BigDL Spark deep learning library VM now available on Microsoft Azure Marketplace

This blog was co-authored by Sergey Ermolin, Intel and Patrick Butler, MicrosoftBigDL deep learning library is a Spark-based framework for creating and deploying deep learning models at scale.

This blog was co-authored by Sergey Ermolin, Intel and Patrick Butler, Microsoft

BigDL deep learning library is a Spark-based framework for creating and deploying deep learning models at scale. While it has previously been deployed on Azure HDInsight and Data Science VM, making it available on Azure Marketplace as a fixed VM image represents a further step in reducing the deployment complexity.

Since BigDL is an integral part of Spark, a user does not need to explicitly manage distributed computations. While providing a high-level control “knobs” such as number of compute nodes, cores, and batch size, a BigDL application leverages stable Spark infrastructure for node communications and resource management during its execution. BigDL applications can be written in either Python or Scala and achieve high performance through both algorithm optimization and taking advantage of intimate integration with Intel’s Math Kernel Library (MKL).

image

For more information about BigDL features and capabilities, refer to the GitHub BigDL overview and Intel BigDL framework.

What is the Microsoft Azure Marketplace? The Azure Marketplace is an online applications and services marketplace that enables start-ups, independent software vendors (ISVs), and MSP/SIs to offer their Azure-based solutions or services to customers around the world. Learn more information on the Azure Marketplace.

Introduction:

This blog will describe two use cases deploy to BigDL in Azure VMs:

  • First scenario:  Deploying an Azure VM with a pre-built BigDL image and running a basic deep learning example.
  • Second scenario: Deploying BigDL on a bare-bones Ubuntu VM (for advanced users).

First Scenario: Deploying a pre-built BigDL VM image:

Log in to your Microsoft Azure account. BigDL requires you to have an Azure subscription (you can get a free trial). Navigate to BigDL offering on Azure Marketplace and click Get it now.

image

You should see the following page. Click on the blue Create button at the bottom.

image

Enter the requested information in the fields at the prompts. Note that Azure imposes syntax limitations on some of the fields (such as using only alphanumeric characters and no CAPS). Use lowercase letters and digits and you will be fine. Use the following three screenshots for guidance.

image

Spark is memory-intensive, so all things being equal, choose a machine with a larger memory. Note that not all VM types and sizes are available in certain regions. Refer to this Azure page for more info (current at publication time). For simple tasks and testing, the virtual machine displayed in the following screenshot will meet requirements:

image

image

After the VM is provisioned, copy its public IP address. Note that this public IP address will change every time you stop and restart your VM. Keep this in mind if you are thinking of BigDL automation.

image

After deployment, you can modify the IP address provided in the resource group and set it up as a static IP address:

image

You are now ready to SSH into your BigDL VM. You can use your favorite SSH client. For this example, MobaXterm is used.

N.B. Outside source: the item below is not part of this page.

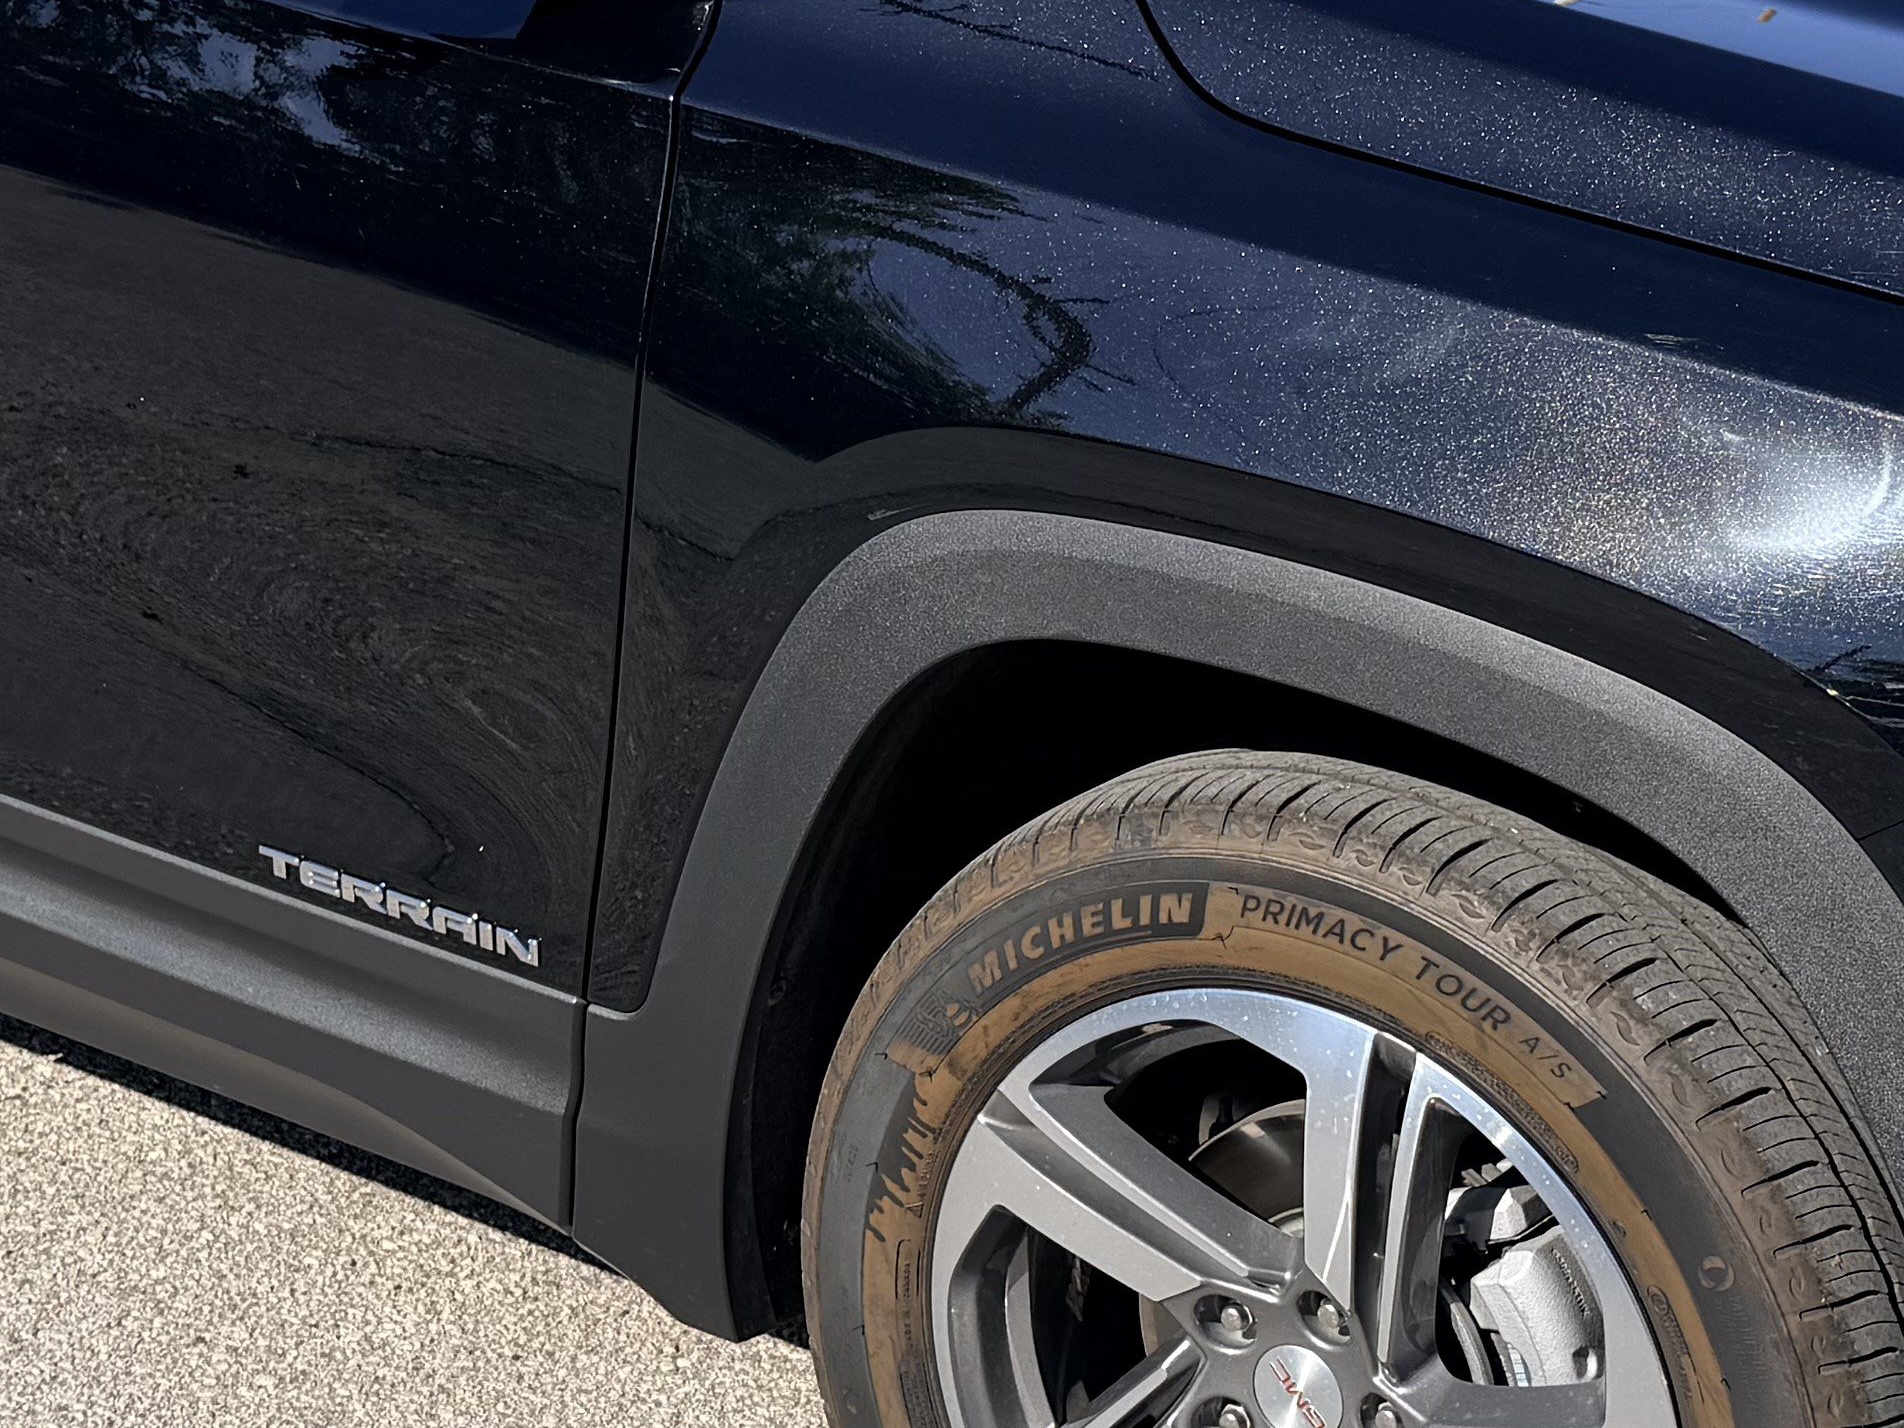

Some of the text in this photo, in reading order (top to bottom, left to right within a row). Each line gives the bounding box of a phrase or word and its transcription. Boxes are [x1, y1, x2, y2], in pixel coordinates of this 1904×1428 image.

[258, 844, 539, 967] TERRAIN
[969, 892, 1193, 993] MICHELIN
[1240, 894, 1573, 1080] PRIMACY TOUR A/S

Enter the IP address and the username you selected when creating the VM.

image

image

Check the versions of installed dependencies:

image

Before using pre-installed BigDL, you will need to change ownership of the directory.

image

BigDL was pre-installed into the bigdlazrmktplc directory. Yet ‘testuser’ does not have full privileges to access it.

To change this, type:

$sudo chown -R testuser:testuser bigdlazrmktplc

image

Now ‘testuser’ owns the bigdlazrmktplc directory.

Finally, test that BigDL actually works in this VM by entering the following commands:

$cd bigdlazrmktplc/BigDL
$export SPARK_HOME=/usr/local/spark/spark-2.2.0-bin-hadoop2.7
$export BIGDL_HOME=/home/bigdlazrmktplc/BigDL
$BigDL/bin/pyspark-with-bigdl.sh --master local[*]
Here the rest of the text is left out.